(Recorded data)
##############################
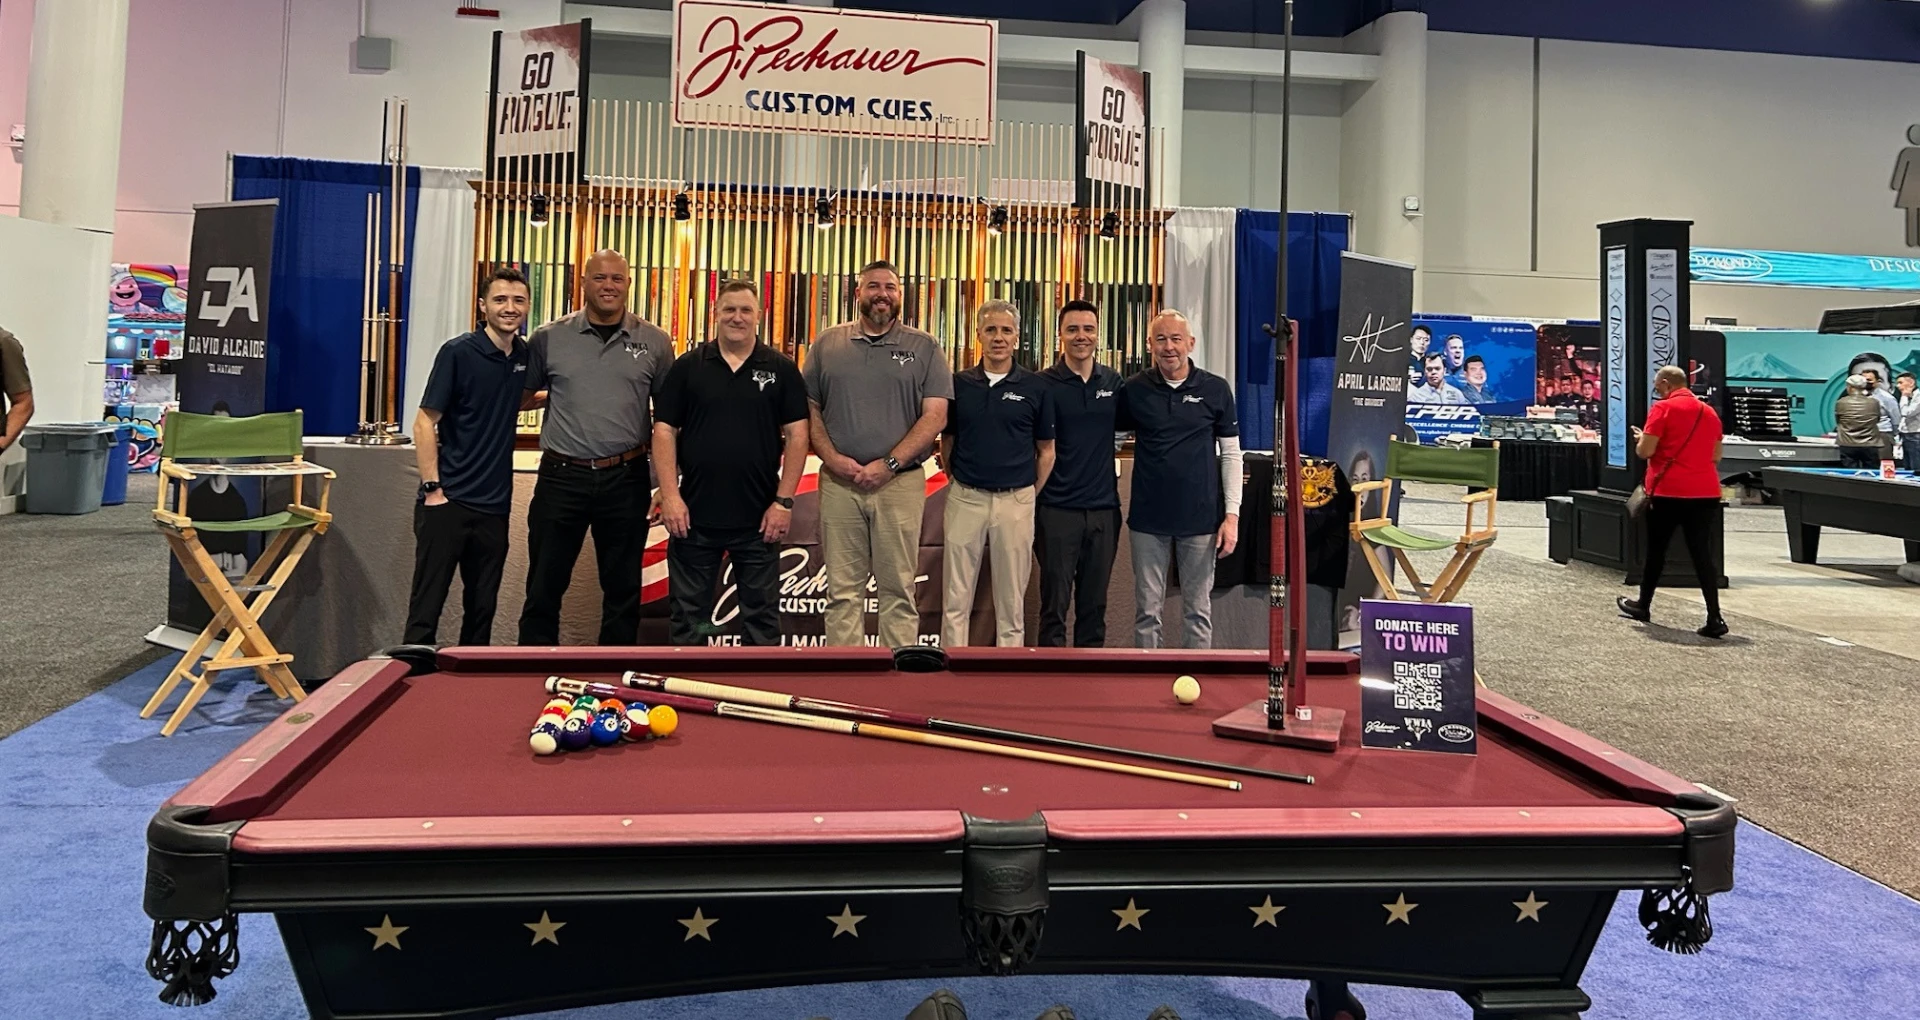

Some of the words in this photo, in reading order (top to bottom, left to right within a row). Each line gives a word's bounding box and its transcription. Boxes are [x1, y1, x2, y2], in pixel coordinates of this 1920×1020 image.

[738, 16, 985, 80] Pechauer
[521, 51, 554, 90] GO
[745, 90, 854, 117] CUSTOM
[867, 99, 933, 121] CUES
[1101, 86, 1126, 123] GO
[1694, 256, 1752, 270] DIAMOND
[188, 336, 219, 355] DAVID
[222, 338, 265, 358] ALCAIDE
[1609, 305, 1624, 402] DIAMOND
[1337, 373, 1364, 390] APRIL
[1368, 375, 1402, 392] LARSON
[779, 598, 827, 614] CUSTO
[1375, 619, 1424, 633] DONATE
[1427, 622, 1459, 635] HERE
[1382, 633, 1406, 650] TO
[1411, 635, 1448, 653] WIN
##############################
**What needs to be done**
What is needed is an exact copy of all the entries above, minus the pictures.

**Response area**
Some of the words in this photo, in reading order (top to bottom, left to right within a row). Each line gives a word's bounding box and its transcription. Boxes are [x1, y1, x2, y2], in pixel coordinates of this 1920×1020 image.

[738, 16, 985, 80] Pechauer
[521, 51, 554, 90] GO
[745, 90, 854, 117] CUSTOM
[867, 99, 933, 121] CUES
[1101, 86, 1126, 123] GO
[1694, 256, 1752, 270] DIAMOND
[188, 336, 219, 355] DAVID
[222, 338, 265, 358] ALCAIDE
[1609, 305, 1624, 402] DIAMOND
[1337, 373, 1364, 390] APRIL
[1368, 375, 1402, 392] LARSON
[779, 598, 827, 614] CUSTO
[1375, 619, 1424, 633] DONATE
[1427, 622, 1459, 635] HERE
[1382, 633, 1406, 650] TO
[1411, 635, 1448, 653] WIN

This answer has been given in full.